Francois Kanimba, an economist and expert in International Trade, says that there is increasing demand for pharmaceutical products, which attracts more players to open shop in the country.

"As this country sets itself as a regional trade hub, these companies generally look for [strategic] regional location where they can fix their production facilities, taking advantage of extended regional market,” he says.

Kanimba who is also Rwanda’s former Minister of Trade and Industry and the country’s Central bank Governor added; "Those coming to Rwanda are targeting markets in neighbouring countries such as Burundi, Uganda and the Democratic Republic of Congo. I know Kenya is more advanced with many pharmaceutical industries established there. But there is competition in these industries”.

Winning and losing proportion

For an economy like Rwanda’s to considerably benefit from the growing number of pharmaceutical manufacturing activities, Kanimba says, it will depend on how much value addition these players will focus on.

In several instances, he indicates that there are companies that will only bring in 99 per cent finished products and just put cover on them. In this case, the value addition of the country is almost zero.

Experts, however, believe that the local market has a skills gap to accommodate advanced manufacturing activities.

Kanimba agrees that the there is an issue of the skills gap, and says companies coming will have to import the labour in the medium-term, arguing that government will have to be very deliberate to enable the skills transfer.

"What I know, on the other hand, is that most of these companies include a very strong training component in their operations to make sure after a certain period of time they can have a critical mass of skilled labour in their factories,” he notes.

Earlier this year, Doctor Clet Niyikiza, a Rwandan American-based scientist and businessman who runs LEAF Pharmaceuticals told The New Times that the plan to build a manufacturing plant for medical products was underway.

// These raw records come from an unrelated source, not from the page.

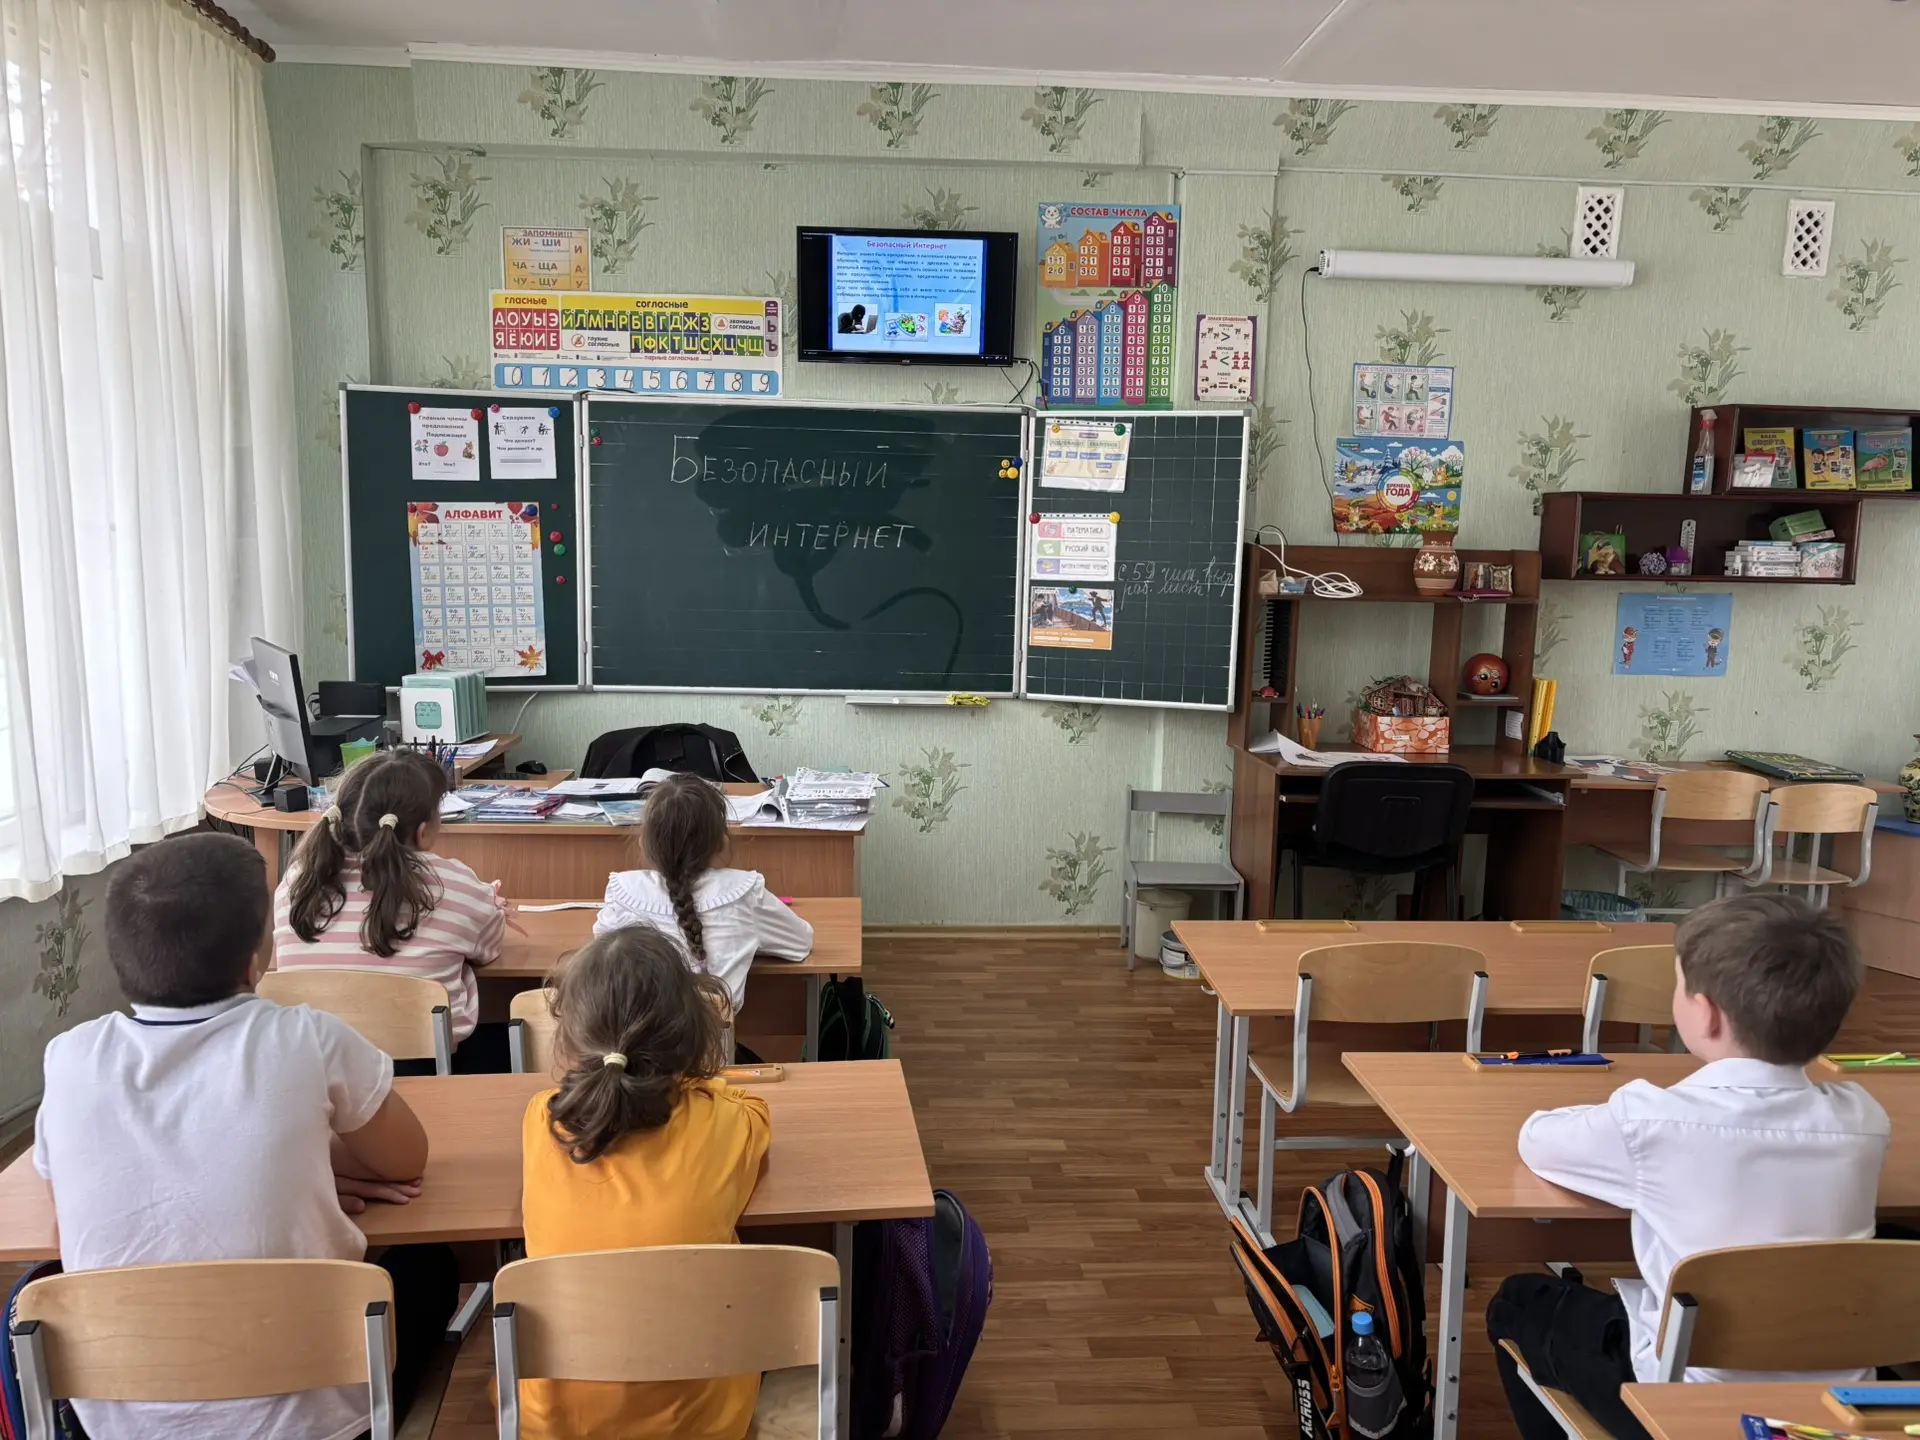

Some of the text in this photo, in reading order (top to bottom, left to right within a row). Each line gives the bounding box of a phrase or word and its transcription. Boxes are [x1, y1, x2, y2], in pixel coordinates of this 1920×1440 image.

[1071, 208, 1148, 216] СОСТАВ ЧИСЛА
[575, 245, 582, 253] И
[913, 242, 947, 250] Интернет
[512, 367, 769, 392] 0 1 2 3 4 5 6 7 8 9
[1386, 488, 1410, 497] ГОДА
[444, 510, 502, 519] АЛФАВИТ
[750, 522, 915, 550] ИНТЕРНЕТ
[1132, 560, 1156, 580] 59
[1298, 1379, 1313, 1439] ACROSS

He announced that the firm had secured land in the same industrial area to build a state-of-the-art manufacturing facility for medicines, especially newly discovered drugs.

Niyikiza’s company is a US-based global pharmaceutical firm valued at half a billion dollar, specialised in discovering, developing and commercialising innovative and safe therapies for cancer.

His plan to start a manufacturing plant in his home-country is based on the fact that Rwanda has no access to most of the new drugs, like Alimta and Gemzar that treats solid cancer.

"The fundamental idea about starting this whole thing is to have advanced medicines here. Because these medicines even those that I discovered like Alimta and Gemzar don’t exist here,” he said in a previous interview.